Ironically, Weatherill seems destined to revel in the successes of the men he ousted, while crashing on the failures of portfolios he held under their stewardship: Education, Families and Communities, Environment, Public Sector Management.
Jay’s glossy manifesto was eternally clutched to his chest throughout the campaign, but once you pare back the re-announcements and flesh out the new commitments, the biggest infrastructure spending promises amount to a vaguely articulated tunnel under Hackney Road from the O-Bahn (of questionable merit), a significant upgrade of the Flinders Medical Centre (now scrapped), the electrification of the Gawler rail line to Salisbury (now delayed yet again) and a new high school on the old RAH site (outside the forward estimates and reliant on the dubious timely delivery of the new hospital).
" We appear content to score cheap points as we calmly and deliberately steer the ship of state into the next economic storm."
There was no concerted discussion, and remains none, about the genuine structural hurdles facing both the national economy and the state one. Any suggestion, for instance, of broadening the GST base or increasing the rate will be howled down on populist political grounds, and yet the Government happily spends taxpayers’ money on advertising to bemoan federal funding cuts.

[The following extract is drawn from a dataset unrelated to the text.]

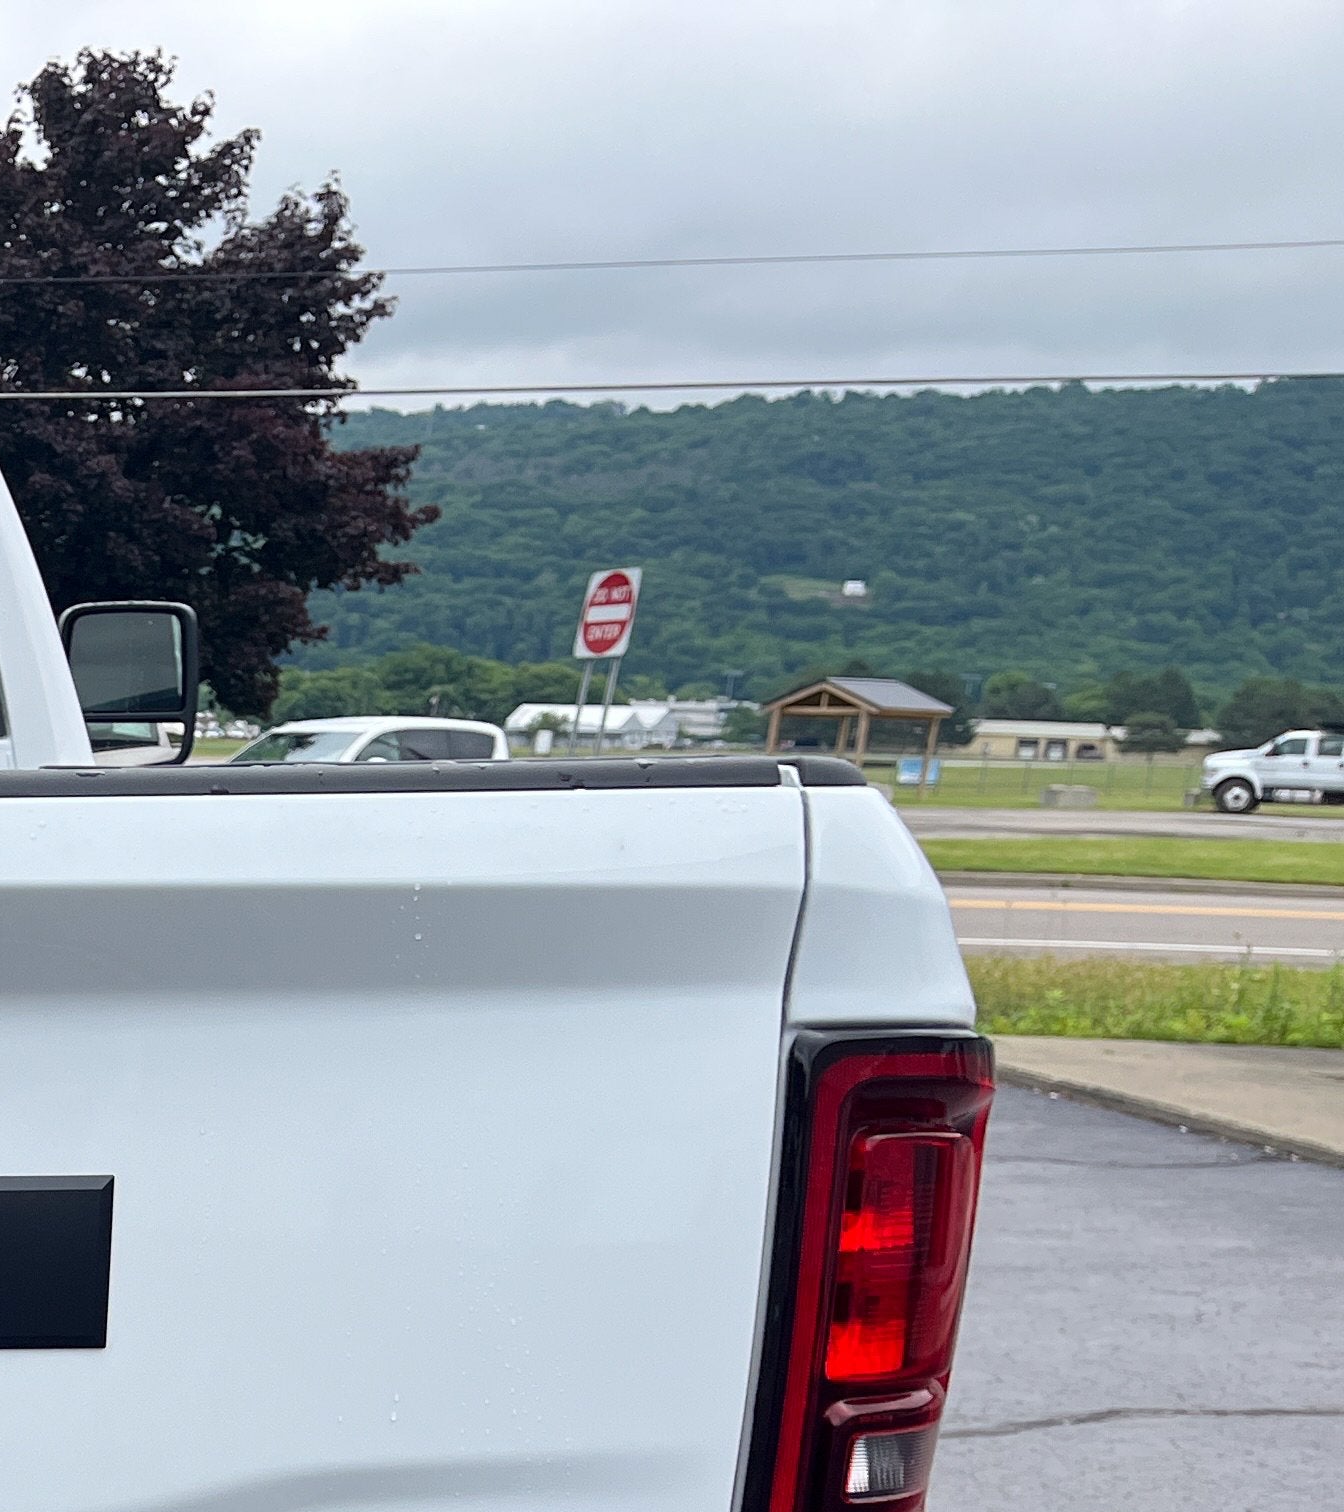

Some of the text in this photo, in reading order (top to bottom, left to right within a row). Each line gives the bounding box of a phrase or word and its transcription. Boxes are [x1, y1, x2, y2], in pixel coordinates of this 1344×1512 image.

[593, 585, 631, 603] DO NOT
[587, 623, 622, 641] ENTER

The Labor crew may be coasting, but they’re kept afloat (as they have been for many years) by an even more underwhelming Opposition.

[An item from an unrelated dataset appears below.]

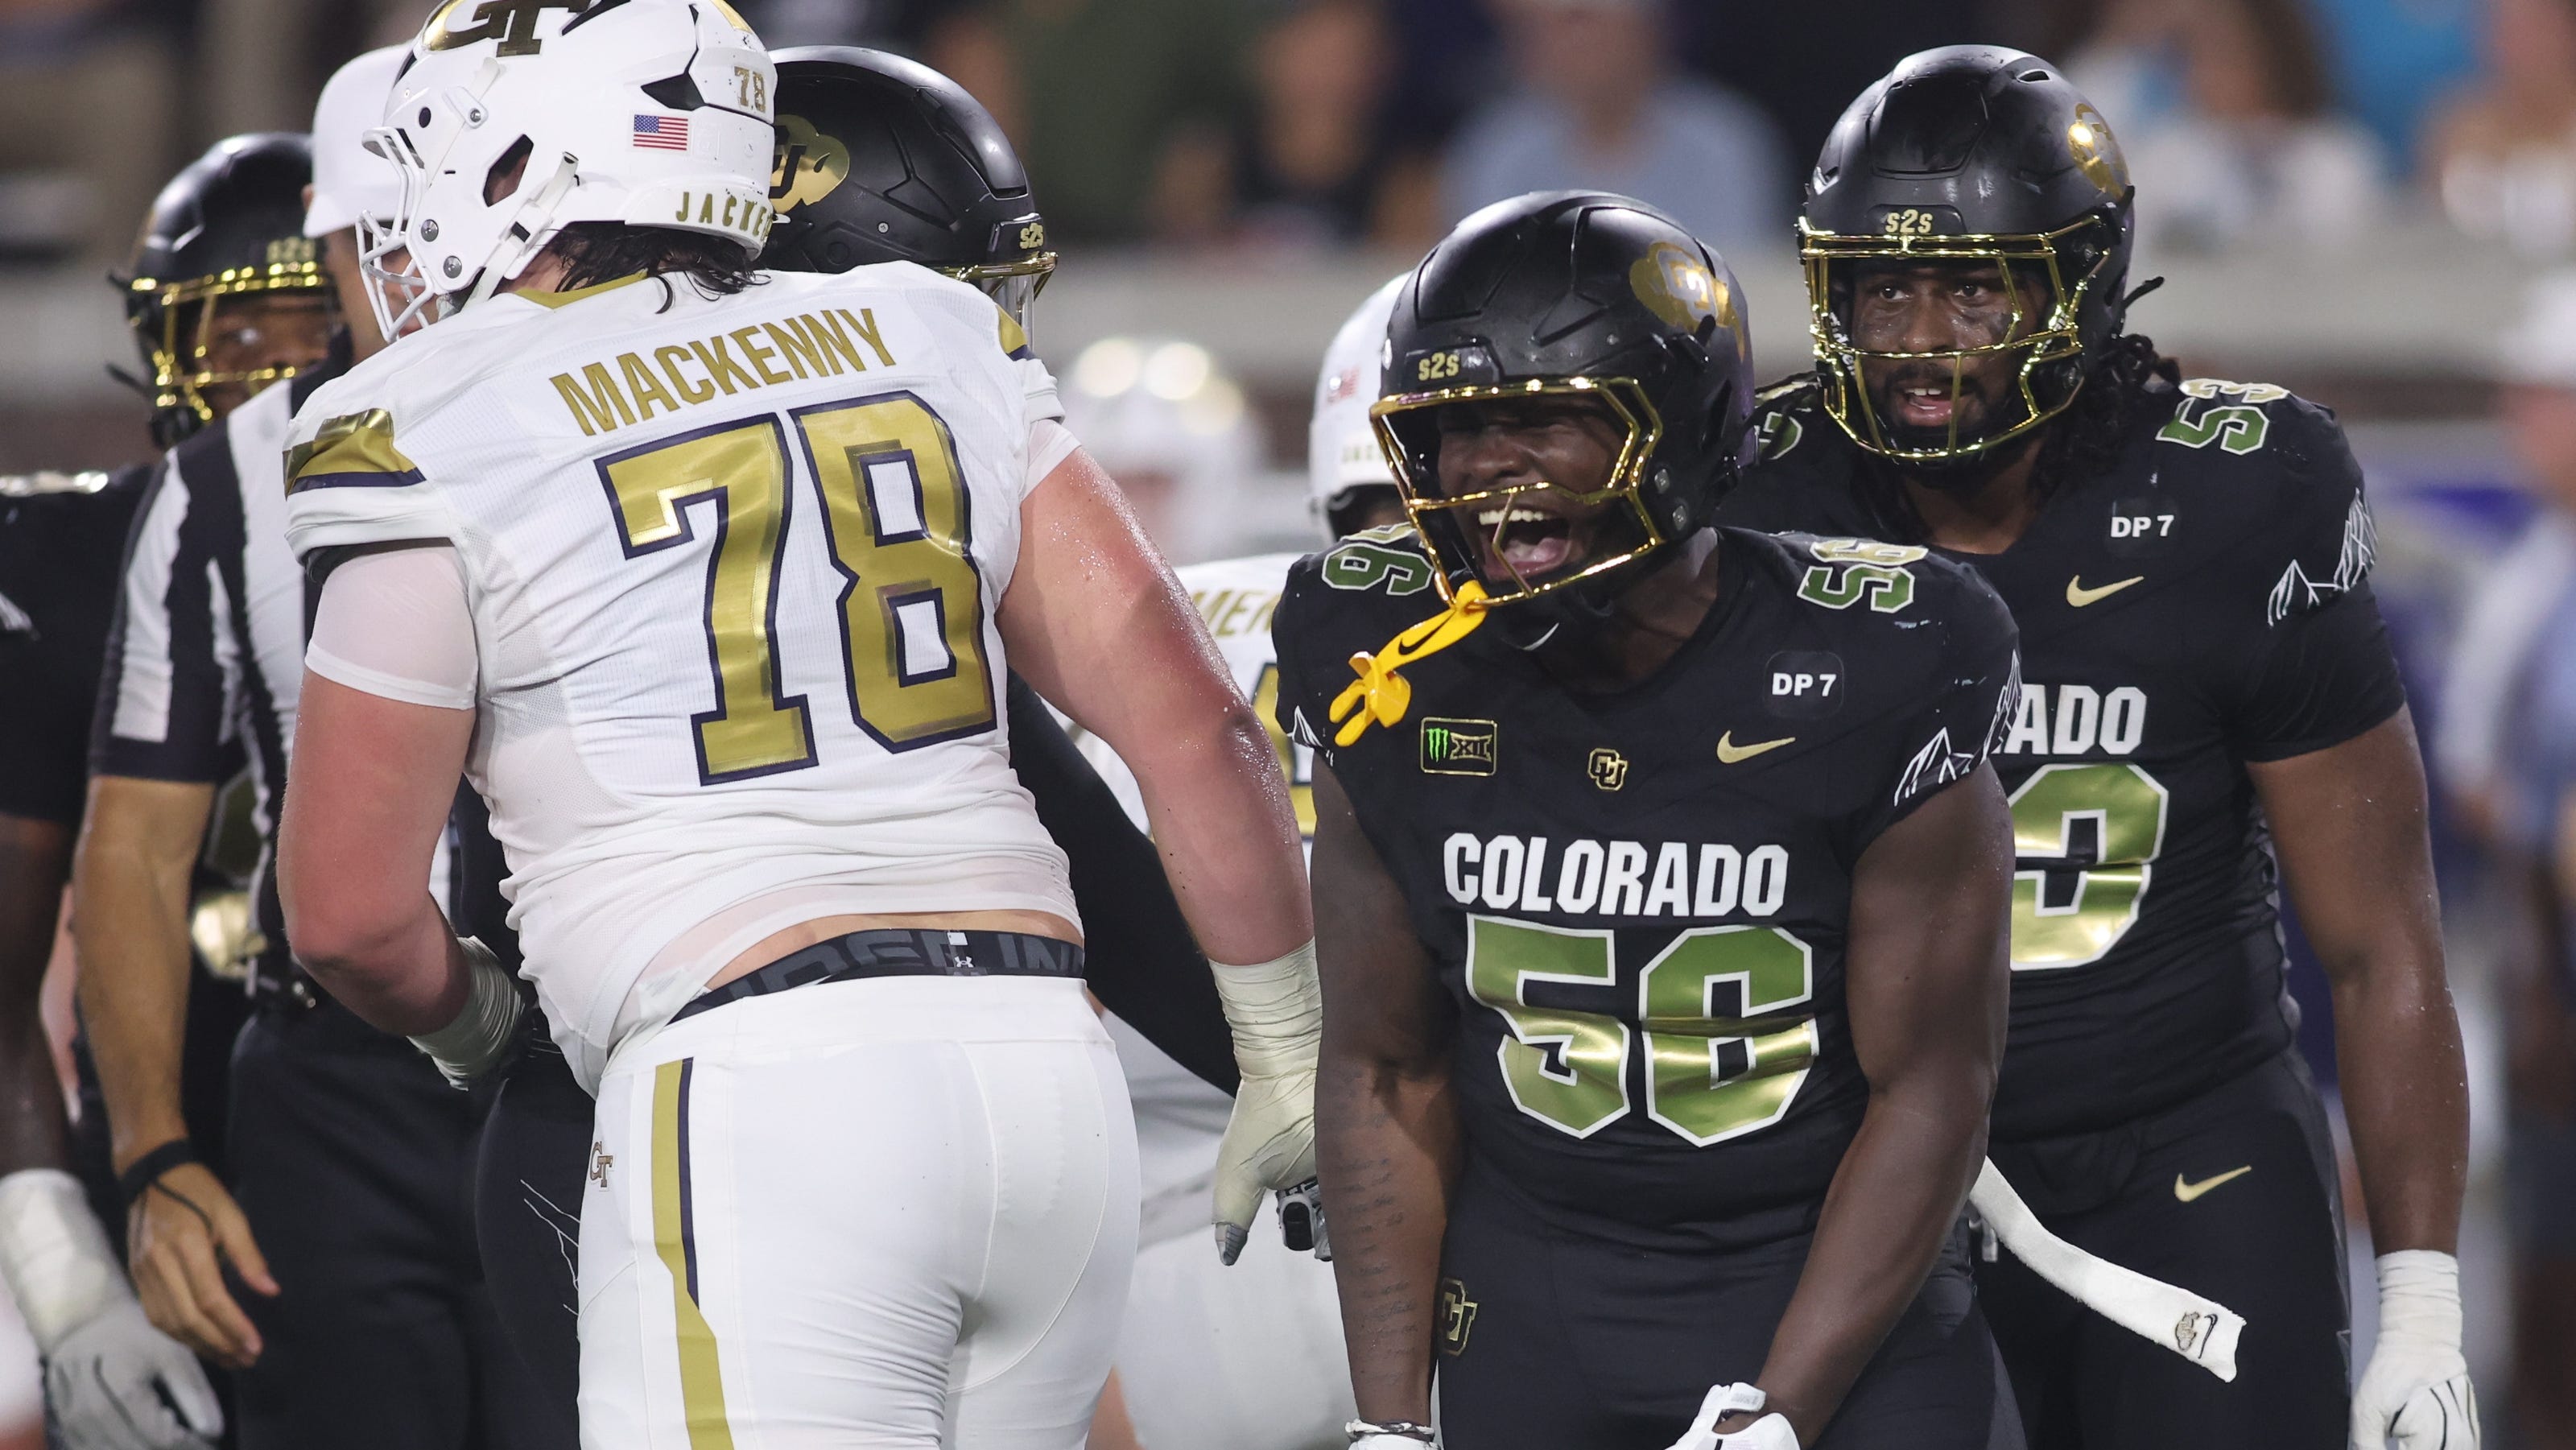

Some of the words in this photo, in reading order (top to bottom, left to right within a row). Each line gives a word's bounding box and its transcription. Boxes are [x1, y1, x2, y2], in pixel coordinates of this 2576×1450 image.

If Marshall has a fair point about the directionless, flaccid nature of fourth-term governments, his own side of politics is all the more culpable for not doing enough to make itself electable. The Liberals appear to have clutched at the most obvious straw – the fact they received a clear majority of the popular vote, and have built their post-poll autopsy around the presumption that “we woz robbed!”
It’s an understandable delusion, but one that does neither them nor the electorate any favours.
Unless the Libs get to grips with how to construct and articulate a cogent platform for Government – a bold one, even! – they’re no certainty to end Labor’s 16 years of rule come 2018.
Scoring points on child-protection failures and moving fruitless (even if occasionally successful) no-confidence motions against hapless ministers may help fill in the time between now and the next election and contribute to the air of chaos now surrounding Labor, but it doesn’t add to the broader debate about how to salvage a state mired in under-achievement.
This was a point made stridently by Liberal defector Martin Hamilton-Smith (when he wasn’t doing his best to prejudice court proceedings) during yesterday’s debate over a no-confidence motion against Child Development Minister Jennifer Rankine. This is the same Martin Hamilton-Smith, mind you, who as Opposition Leader christened Pat Conlon the “Minister for Stuff-Ups” and would regularly stage theatrical walk-outs from Labor-chaired parliamentary committees in a bid to generate publicity – but I suppose it’s rare to succeed in politics (or media, come to that) without succumbing to some degree of hypocrisy.
At any rate, the Government line was that it was happy to allow the confidence motion, since it gave the Labor side free rein to attack the Opposition without having to answer a single question. So, business as usual, then!
There is a crisis of governance at both state and national level in Australia; we appear content to score cheap points as we calmly and deliberately steer the ship of state into the next economic storm. The Government appears mired in the delusion that somehow the economy will simply right itself over the next four years, while the Opposition has never relinquished its own fantasy that the electoral pendulum will eventually swing its way with minimal effort.
Jay Weatherill promised to be bold. At the moment, I’d just settle for interested.
Tom Richardson is InDaily’s political commentator and Channel Nine’s state political reporter.